Opinion
No. 6885.
March 22, 1967. Rehearing Denied April 18, 1967.
Appeal from the Circuit Court for Collier County, Harold S. Smith, J.
Walter R. Talley, Public Defender, and William H. Namack, III, Asst. Public Defender, Bradenton, for appellant.
Earl Faircloth, Atty. Gen., Tallahassee, and William D. Roth, Asst. Atty. Gen., Lakeland, for appellee.
Appellant was in custody serving a twenty-five year commitment upon a conviction of second degree murder. While so incarcerated, he held up the deputy warden at gun-point, took from him approximately $50.00 and escaped from prison, allegedly in the warden's step-daughter's automobile. He subsequently left the State of Florida and either was apprehended or turned himself in while in the State of Illinois.
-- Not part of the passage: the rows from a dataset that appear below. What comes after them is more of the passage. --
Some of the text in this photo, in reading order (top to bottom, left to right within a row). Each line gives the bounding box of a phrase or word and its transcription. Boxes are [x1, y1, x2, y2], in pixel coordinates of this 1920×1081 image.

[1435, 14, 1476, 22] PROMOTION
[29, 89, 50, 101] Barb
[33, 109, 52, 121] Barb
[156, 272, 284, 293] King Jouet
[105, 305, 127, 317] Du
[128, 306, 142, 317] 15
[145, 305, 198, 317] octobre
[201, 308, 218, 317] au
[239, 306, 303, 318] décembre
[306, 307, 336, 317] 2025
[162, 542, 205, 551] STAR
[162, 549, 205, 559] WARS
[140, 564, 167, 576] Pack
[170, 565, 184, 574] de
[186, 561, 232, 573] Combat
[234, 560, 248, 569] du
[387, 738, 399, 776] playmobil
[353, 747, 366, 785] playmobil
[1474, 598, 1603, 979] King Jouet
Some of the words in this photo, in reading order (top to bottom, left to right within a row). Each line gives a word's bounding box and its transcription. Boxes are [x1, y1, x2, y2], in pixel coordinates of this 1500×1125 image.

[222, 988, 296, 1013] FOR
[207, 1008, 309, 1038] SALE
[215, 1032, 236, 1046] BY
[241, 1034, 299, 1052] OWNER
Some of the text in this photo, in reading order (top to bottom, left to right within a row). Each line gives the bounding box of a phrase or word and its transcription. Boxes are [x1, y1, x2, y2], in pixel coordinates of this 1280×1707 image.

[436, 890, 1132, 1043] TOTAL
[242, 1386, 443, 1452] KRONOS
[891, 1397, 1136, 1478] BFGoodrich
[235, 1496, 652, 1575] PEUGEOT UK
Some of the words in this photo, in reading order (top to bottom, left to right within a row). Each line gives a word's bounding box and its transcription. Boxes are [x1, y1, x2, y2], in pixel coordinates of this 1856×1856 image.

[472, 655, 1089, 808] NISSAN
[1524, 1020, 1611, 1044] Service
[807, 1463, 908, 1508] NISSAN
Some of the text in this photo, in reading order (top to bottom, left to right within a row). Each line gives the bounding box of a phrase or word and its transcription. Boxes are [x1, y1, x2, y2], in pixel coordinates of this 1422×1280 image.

After being returned to Florida, he was charged by way of information on three charges, i.e., robbery, escape and larceny of an automobile. On June 29, 1961 appellant was arraigned and entered a plea of nolo contendere. He waived formal arraignment on January 17, 1964 and entered a plea of not guilty. He was formally arraigned on July 16, 1965 and entered a plea of not guilty. A trial by jury followed on September 23, 1965 on all three counts. The jury found him guilty of robbery and escape. The trial judge sentenced him to be confined in the state prison for a term of six months to ninety-nine years on the charge of robbery and for a term of one year on the charge of escape, both sentences to run consecutively.
Appellant was represented by public defender at the arraignments and at the trial; however, he advised the trial judge that he chose to conduct his own defense but the trial judge ordered the public defender to be present and sit with the defendant at all stages in the hearings and trial. This appeal followed.
Again by representation of the public defender two questions have been posed for our consideration. First, it was contended that the trial judge committed reversible error when he refused to dismiss the charges on the grounds that a period of four and one-half years had elapsed between the filing of the information and the trial, and thus the defendant was denied a speedy trial. Section 915.02 of the Florida Statutes F.S.A. provides the manner in which a speedy trial, as guaranteed by Sections 4 and 11, Declaration of Rights, F.S.A., may be secured. However, our courts have on many occasions determined that there must be a timely request for trial for three consecutive trial periods before this statute takes effect. Loy v. Grayson, Fla. 1957, 99 So.2d 555; Kelly v. State ex rel. Morgan, Fla. 1951, 54 So.2d 431; Kemp v. State, Fla.App. 1965, 177 So.2d 58; and Wilson v. State, Fla.App. 1967, 194 So.2d 33.
In the instant case the appellant was in custody serving a twenty-five year sentence and was in jail during the four and one-half year period. At no time did defendant make written request for trial. Thus, there can be no claim of harm.
Appellant contends that the trial court committed reversible error by trying the charge of escape and robbery together and before the same jury. However, the record fails to show any objection raised by appellant to his being tried for both offenses at the same time and before the same jury. Moreover, the robbery and escape took place as one transaction and were so closely related and connected as to be considered part of the same act. Thus it cannot be said that the trial court committed fundamental error so as to afford this court an opportunity to review the alleged error.
We therefore affirm.
ALLEN, C.J., and LILES and PIERCE, JJ., concur.